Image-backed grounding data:
▬▬▬

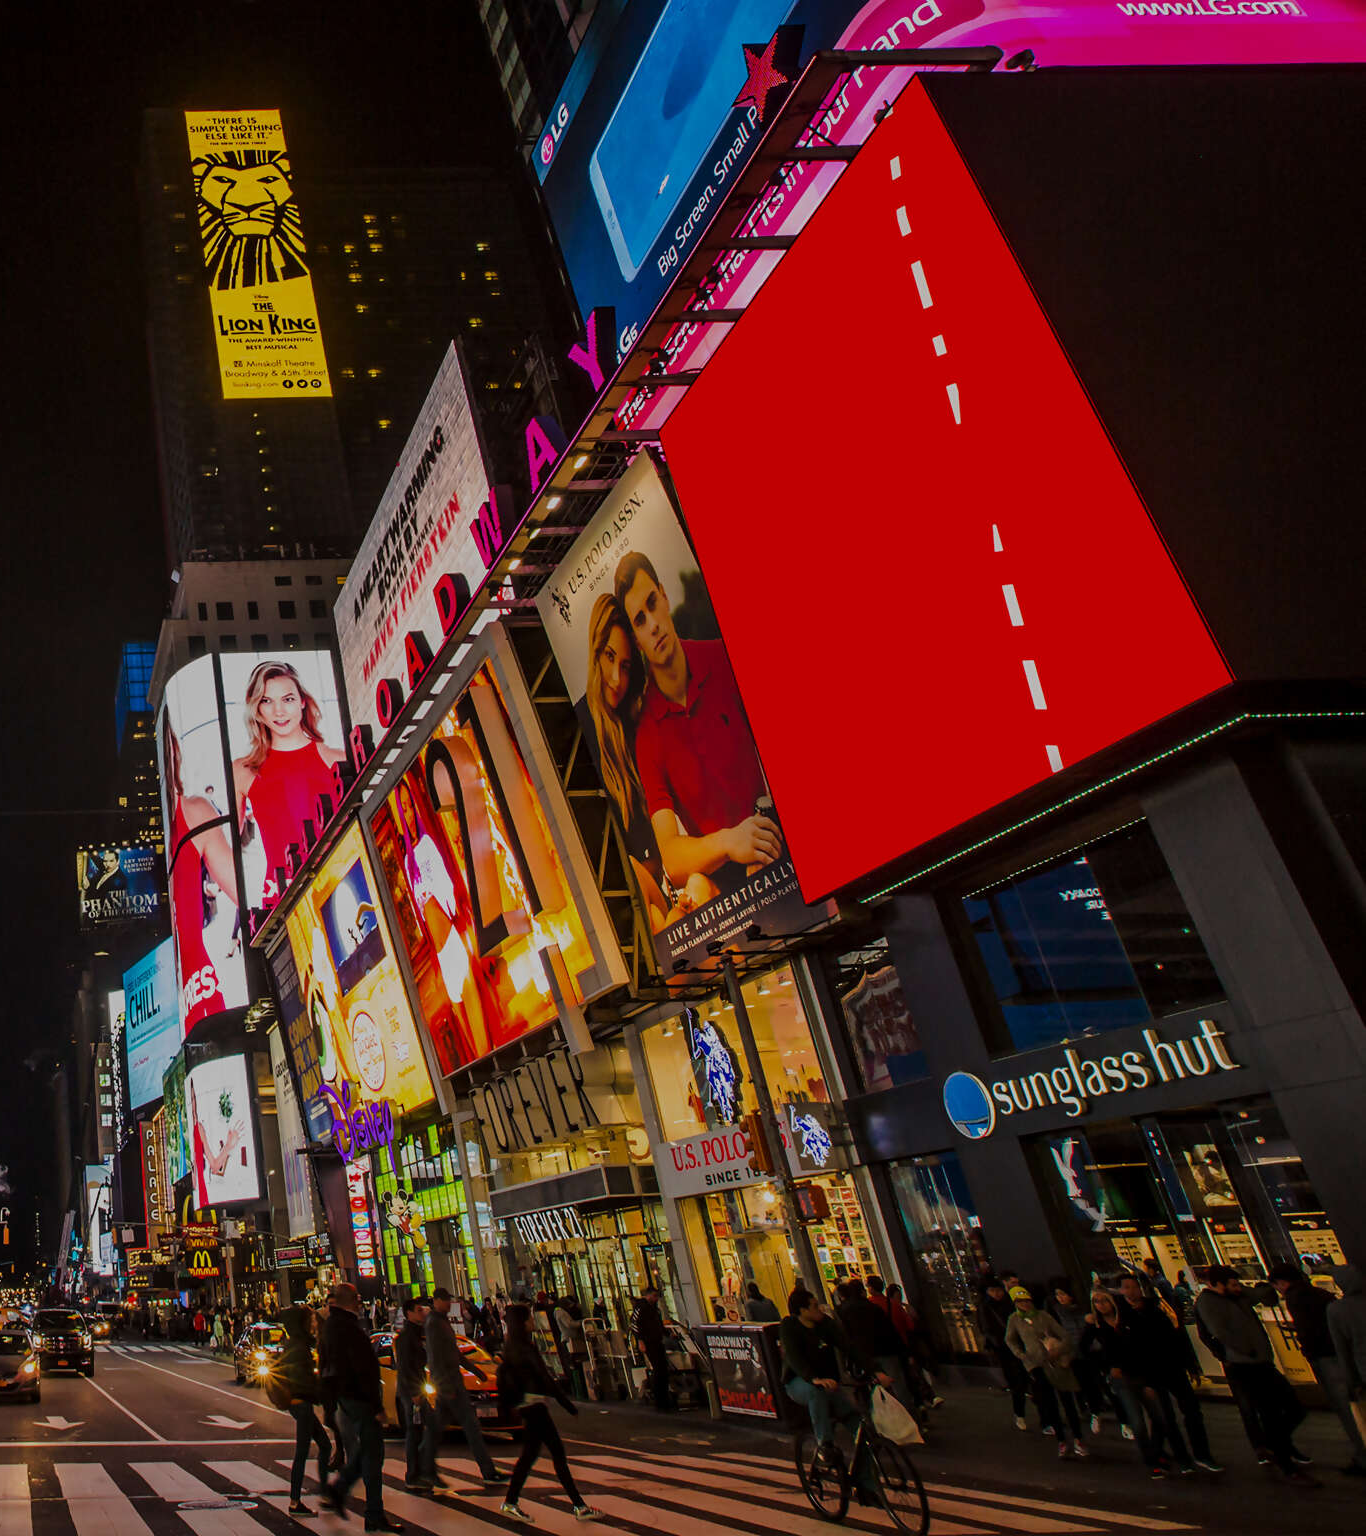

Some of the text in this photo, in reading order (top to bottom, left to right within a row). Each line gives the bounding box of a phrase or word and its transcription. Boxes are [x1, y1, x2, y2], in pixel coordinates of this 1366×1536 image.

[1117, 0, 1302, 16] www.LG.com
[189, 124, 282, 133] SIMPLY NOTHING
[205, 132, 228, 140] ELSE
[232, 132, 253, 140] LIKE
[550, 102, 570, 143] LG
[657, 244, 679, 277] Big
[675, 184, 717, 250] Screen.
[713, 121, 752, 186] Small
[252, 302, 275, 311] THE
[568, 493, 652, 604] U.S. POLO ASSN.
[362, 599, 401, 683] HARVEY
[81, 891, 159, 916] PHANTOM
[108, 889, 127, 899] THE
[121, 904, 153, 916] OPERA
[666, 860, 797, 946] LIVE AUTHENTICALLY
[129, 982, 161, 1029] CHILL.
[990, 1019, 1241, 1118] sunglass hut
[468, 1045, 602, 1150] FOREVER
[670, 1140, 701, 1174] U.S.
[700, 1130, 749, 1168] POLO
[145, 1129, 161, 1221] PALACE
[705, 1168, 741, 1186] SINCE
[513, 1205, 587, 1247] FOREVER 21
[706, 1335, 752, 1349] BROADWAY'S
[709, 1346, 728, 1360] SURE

▬▬▬

Your answer must be a verbatim copy of the entries above, with no images included.

• FINISHED TASK:
Some of the text in this photo, in reading order (top to bottom, left to right within a row). Each line gives the bounding box of a phrase or word and its transcription. Boxes are [x1, y1, x2, y2], in pixel coordinates of this 1366×1536 image.

[1117, 0, 1302, 16] www.LG.com
[189, 124, 282, 133] SIMPLY NOTHING
[205, 132, 228, 140] ELSE
[232, 132, 253, 140] LIKE
[550, 102, 570, 143] LG
[657, 244, 679, 277] Big
[675, 184, 717, 250] Screen.
[713, 121, 752, 186] Small
[252, 302, 275, 311] THE
[568, 493, 652, 604] U.S. POLO ASSN.
[362, 599, 401, 683] HARVEY
[81, 891, 159, 916] PHANTOM
[108, 889, 127, 899] THE
[121, 904, 153, 916] OPERA
[666, 860, 797, 946] LIVE AUTHENTICALLY
[129, 982, 161, 1029] CHILL.
[990, 1019, 1241, 1118] sunglass hut
[468, 1045, 602, 1150] FOREVER
[670, 1140, 701, 1174] U.S.
[700, 1130, 749, 1168] POLO
[145, 1129, 161, 1221] PALACE
[705, 1168, 741, 1186] SINCE
[513, 1205, 587, 1247] FOREVER 21
[706, 1335, 752, 1349] BROADWAY'S
[709, 1346, 728, 1360] SURE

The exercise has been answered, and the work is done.